Unlike many data mining applications which lack available data, the protein structure determination problem and its interaction study, on the contrary, could utilize a vast amount of biologically relevant information on protein and its interaction, such as the protein data bank (PDB) [4], the structural classification of proteins (SCOP) databases [5], CATH databases [6], UniProt [7], and others. The difficulty of predicting protein structures, specially its 3D structures, and the interactions between proteins as shown in Figure 6.1, lies in the computational complexity of the data. Although a large number of approaches have been developed to determine the protein structures such as ab initio modelling [8], homology modelling [9] and threading [10], more efficient and reliable methods are still greatly needed.

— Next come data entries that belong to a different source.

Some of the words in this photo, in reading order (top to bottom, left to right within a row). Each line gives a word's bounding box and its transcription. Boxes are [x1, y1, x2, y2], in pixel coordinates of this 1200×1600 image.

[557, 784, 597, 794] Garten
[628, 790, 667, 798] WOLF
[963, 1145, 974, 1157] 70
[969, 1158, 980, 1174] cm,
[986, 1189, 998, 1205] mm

In this chapter, we will introduce a state-of-the-art data mining technique, graph mining, which is good at defining and discovering interesting structural patterns in graphical data sets, and take advantage of its expressive power to study protein structures, including protein structure prediction and comparison, and protein-protein interaction (PPI). The current graph pattern mining methods will be described, and typical algorithms will be presented, together with their applications in the protein structure analysis.

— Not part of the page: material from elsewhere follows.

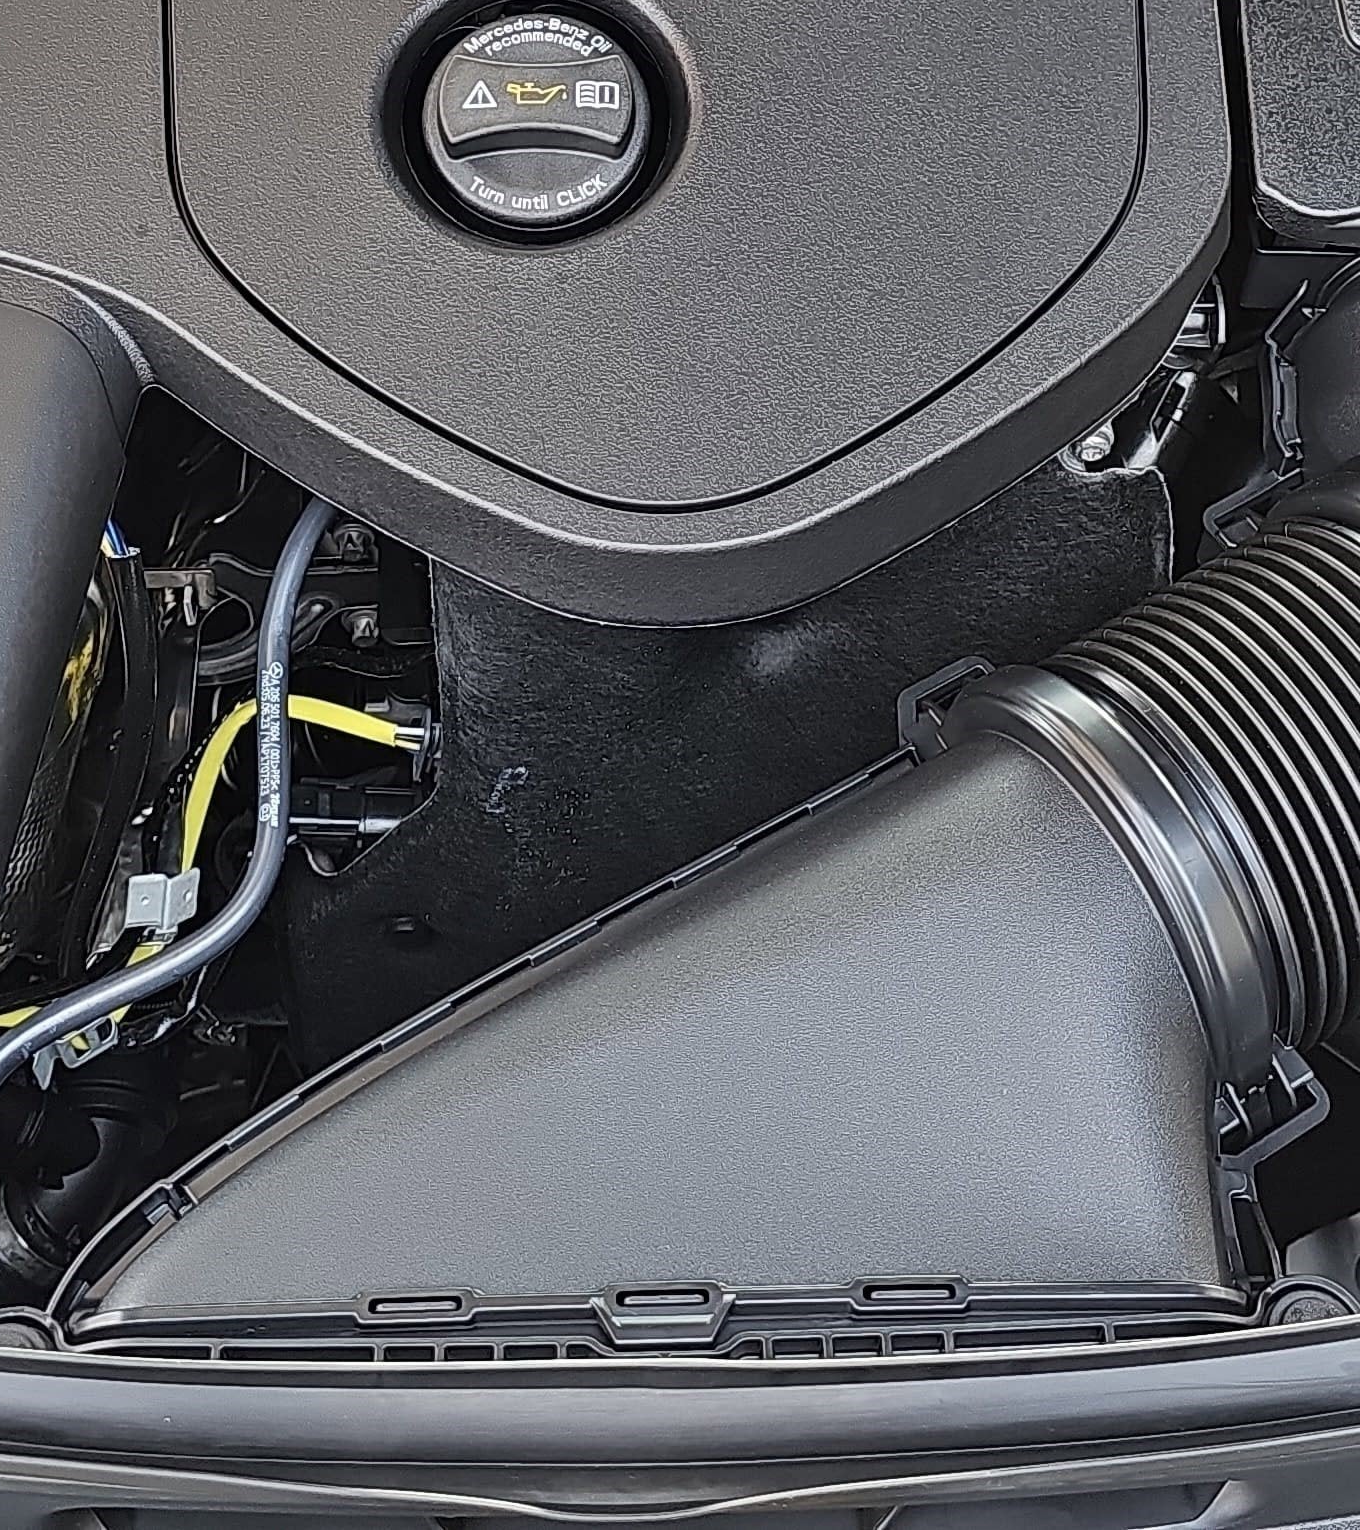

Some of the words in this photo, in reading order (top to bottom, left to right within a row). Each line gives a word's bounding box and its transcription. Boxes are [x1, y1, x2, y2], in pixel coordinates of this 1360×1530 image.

The rest of the chapter is organized as follows: Section 6.2 will give a brief introduction of the fundamental knowledge of protein, the publicly accessible protein data resources and the current research status of protein analysis; in Section 6.3, we will pay attention to one of the state-of-the-art data mining methods, graph mining; then Section 6.4 surveys several existing work for protein structure analysis using advanced graph mining methods in the recent decade; finally, in Section 6.5, a conclusion with potential further work will be summarized.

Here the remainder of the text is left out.